Show off your skills! Create a portfolio showcasing your projects, especially those related to bioinformatics pipelines or AI technologies. This gives potential employers a taste of what you can do.

Tip Number 3

Prepare for interviews by brushing up on common bioinformatics questions and be ready to discuss your experience with tools like Nextflow or Snakemake. Confidence is key!

Tip Number 4

Don’t forget to apply through our website! It’s the best way to ensure your application gets seen. Plus, we love seeing candidates who are genuinely interested in our work.

We think you need these skills to ace Bioinformatics Data Engineer (RNA Resources) in Cambridge

Python
Bioinformatics Tool Development
Relational Databases (PostgreSQL, MySQL)
SQL
Workflow Management Systems (Nextflow, Snakemake)
LLM Pipelines Development
Docker

Some tips for your application 🫡

Tailor Your Cover Letter:Make sure to customise your cover letter for the Bioinformatics Data Engineer role.

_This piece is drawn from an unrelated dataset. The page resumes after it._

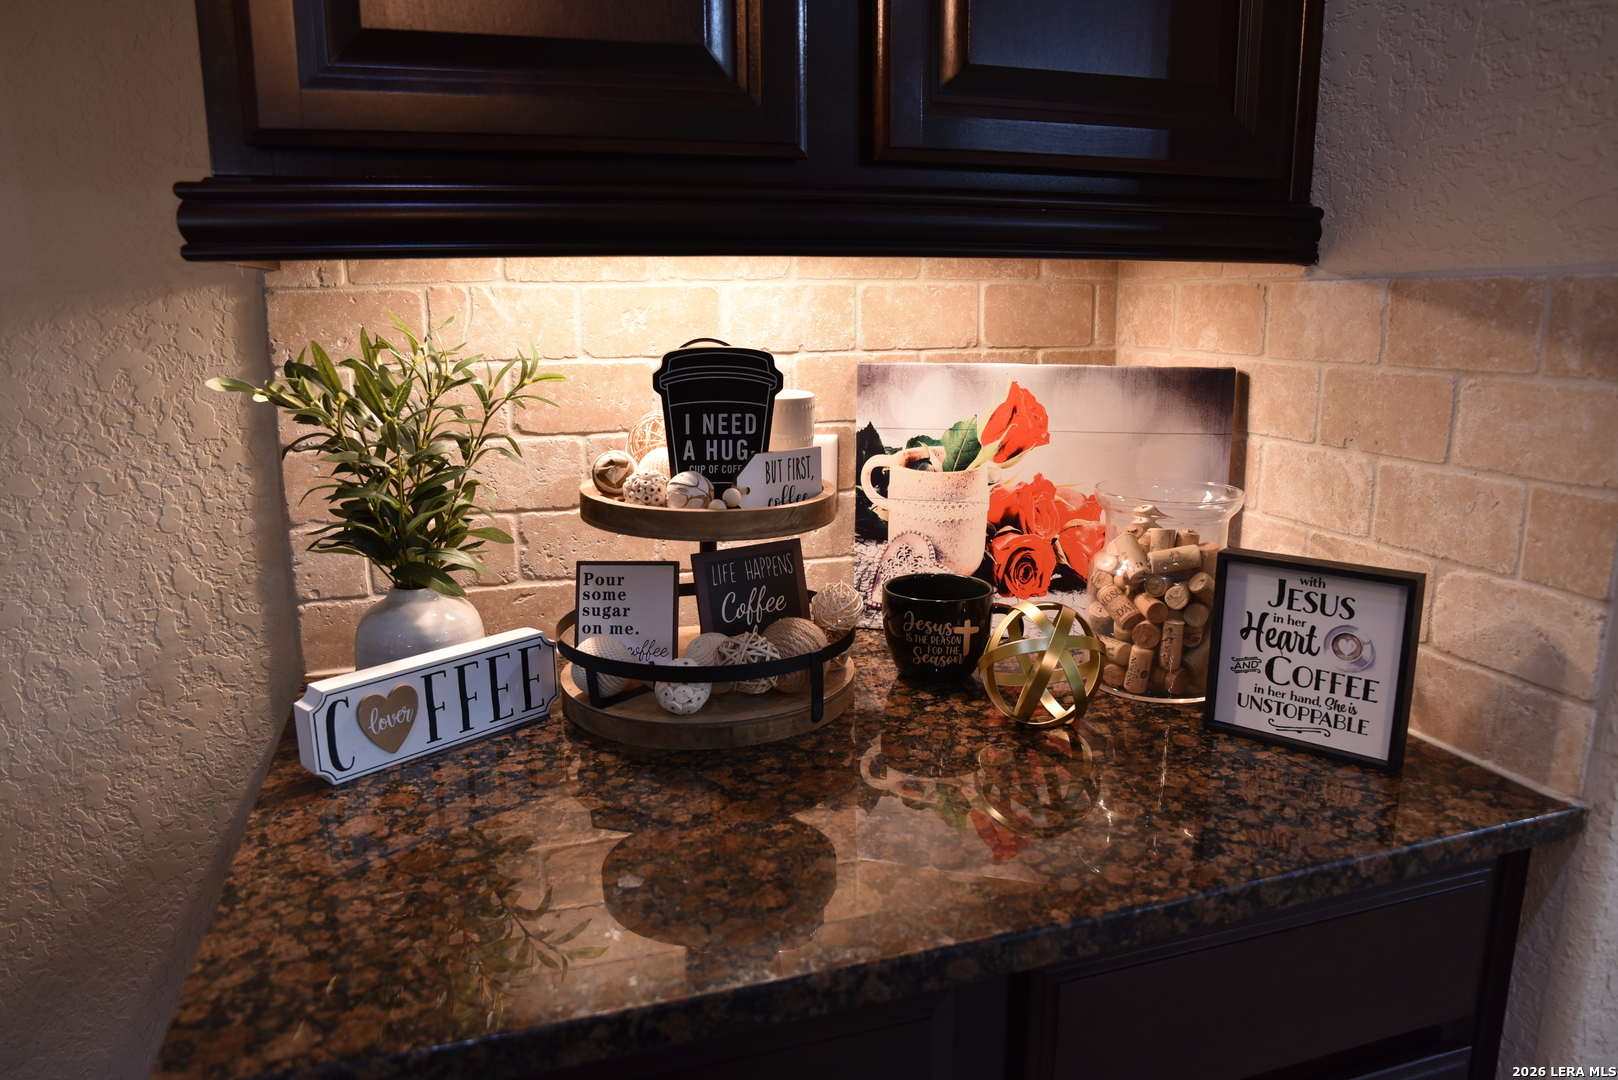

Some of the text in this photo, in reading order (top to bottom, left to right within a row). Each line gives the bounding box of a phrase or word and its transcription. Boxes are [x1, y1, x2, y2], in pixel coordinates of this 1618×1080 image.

Highlight your experience with data pipelines and any relevant projects you've worked on that align with Rfam and RNAcentral's goals.

Show Off Your Skills:In your CV, don’t just list your qualifications—show us how you’ve used your skills in Python, SQL, and bioinformatics tools. Include specific examples of projects or tasks where you made a significant impact.

Be Clear and Concise:Keep your application clear and to the point. Use bullet points for easy reading and make sure to address all the key requirements mentioned in the job description. We want to see your strengths shine through!

Apply Through Our Website:Don’t forget to submit your application through our website! It’s the best way for us to receive your documents and ensures you’re considered for the role. We can’t wait to see what you bring to the table!

How to prepare for a job interview at Sebibc

Know Your RNA

Make sure you brush up on your RNA biology knowledge. Familiarise yourself with Rfam and RNAcentral, as well as the latest developments in RNA science. This will not only help you answer questions confidently but also show your passion for the field.

Showcase Your Technical Skills

Be prepared to discuss your experience with Python, SQL, and bioinformatics tools. Have examples ready that demonstrate your proficiency in developing and maintaining production pipelines, especially using workflow management systems like Nextflow or Snakemake.

Prepare for Problem-Solving Questions

Expect questions that assess your ability to analyse and optimise data pipelines. Think of specific challenges you've faced in previous roles and how you approached them. This will highlight your problem-solving skills and your ability to work collaboratively with cross-functional teams.

Communicate Clearly

Strong communication skills are essential for this role. Practice explaining complex technical concepts in simple terms, as you may need to present your ideas to non-technical stakeholders. Being able to articulate your thoughts clearly will set you apart from other candidates.